La jeune femme commença à marcher, dos à son ami. Non, elle ne voulait pas en parler à ce nain. C'était couru d'avance. L'homme qui hantait ses songes avait l'intelligence émotionnelle d'une petite cuillère. Il ne l'aimait pas.

« Mais, Mikasa... Si ce sujet te dérange, je n'en parlerai plus...

- Ce n'est pas ça. Je sais juste que ce serait inutile.

- Pourquoi donc ? »

En chemin, la cadette Ackerman étouffa un rire.

« Il ne ressent pas la même chose.

- Qu'en sais-tu ?

- Il m'a dit qu'il me haïssait. »

Arrivé à son niveau, le blond baissa la tête de gêne à la suite de ses paroles. Elle aperçut leur petit groupe, au fond du couloir, et pressa le pas pour les rattraper.

« Je suis désolé... Peut-être qu'il pense le contraire ? Vous êtes les mêmes, tous les deux. Il ne te déteste peut-être pas toi, mais les émotions que tu lui fais subir ?

- Sasha me l'a déjà dit.

- Tu en as parlé à Sasha, et pas à moi... ?
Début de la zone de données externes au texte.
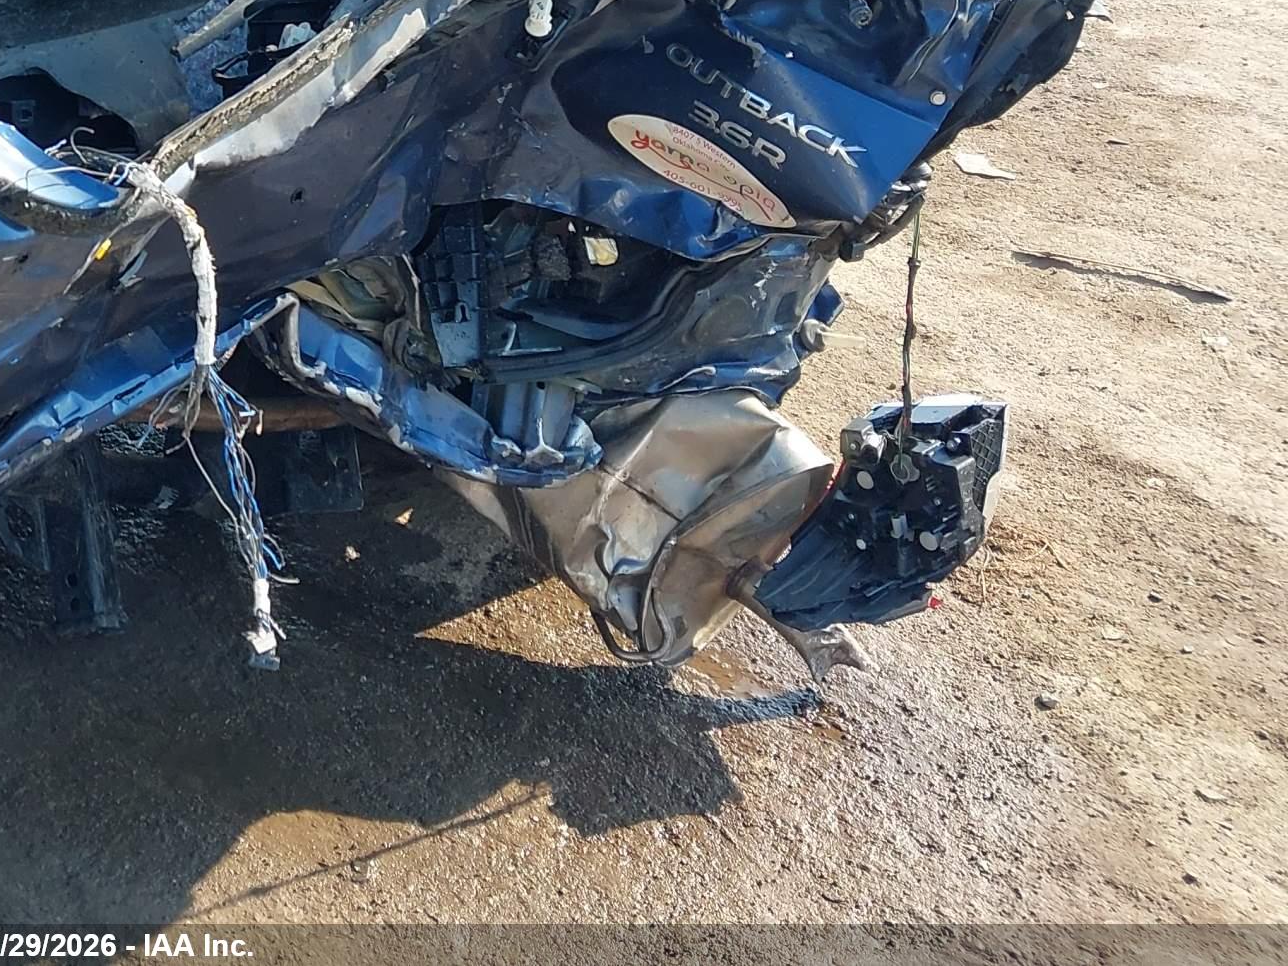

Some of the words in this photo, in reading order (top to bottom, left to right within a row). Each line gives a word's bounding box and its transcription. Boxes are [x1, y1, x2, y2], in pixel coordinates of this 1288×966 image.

[666, 42, 867, 168] OUTBACK
[672, 136, 714, 163] Oklahoma
[688, 99, 787, 172] 3.6R
[702, 142, 737, 169] Western
- C'est elle qui m'en a parlé, à vrai dire...

- Mmh... Bref. Qu'est-ce-que ça peut te coûter de lui dire, de toute manière ?

- Oh, Armin ! Viens raisonner Historia avec moi ! »

Le frère de la brune croisa le regard de sa sœur, et le détourna naturellement d'elle, comme si la jeune femme n'existait pas. Le cœur de la concernée se contracta sous la peine de cette constatation, et même la main rassurante d'Armin sur son épaule ne suffisait pas à contenir sa tristesse. Pour se distraire, Mikasa tenta de savoir ce que ça lui coûterait, d'avouer ses sentiments au caporal. Perdue dans ses pensées, elle ignora les complaintes de Sasha et Connie, les soupirs d'Ymir et la démarche royale de la petite blonde.

Lui avouer lui coûterait tout. Sa fierté, son image, son devoir. Elle ne pouvait pas s'adonner à de tels sentiments, dans ce monde. Car même si Eren la rejetait, elle devait s'accrocher à lui. Elle n'avait toujours pas trouvé la cause à cette nécessité, et ne cherchait plus à connaître son origine. Elle était une femme d'action, après tout.

« Attends, tu vas vraiment le faire, Historia ?

- Oui, Eren.

- Mais Mikasa rigolait ! Hein, Mikasa ?

- Après que tu l'aies frappé, dis-lui « ose me frapper en retour, sale nain ».

- T'étais pas sensée dire ça... Oublie ça, Historia...

- Si je ne peux pas faire cela, comment pourrais-je me proclamer comme reine ?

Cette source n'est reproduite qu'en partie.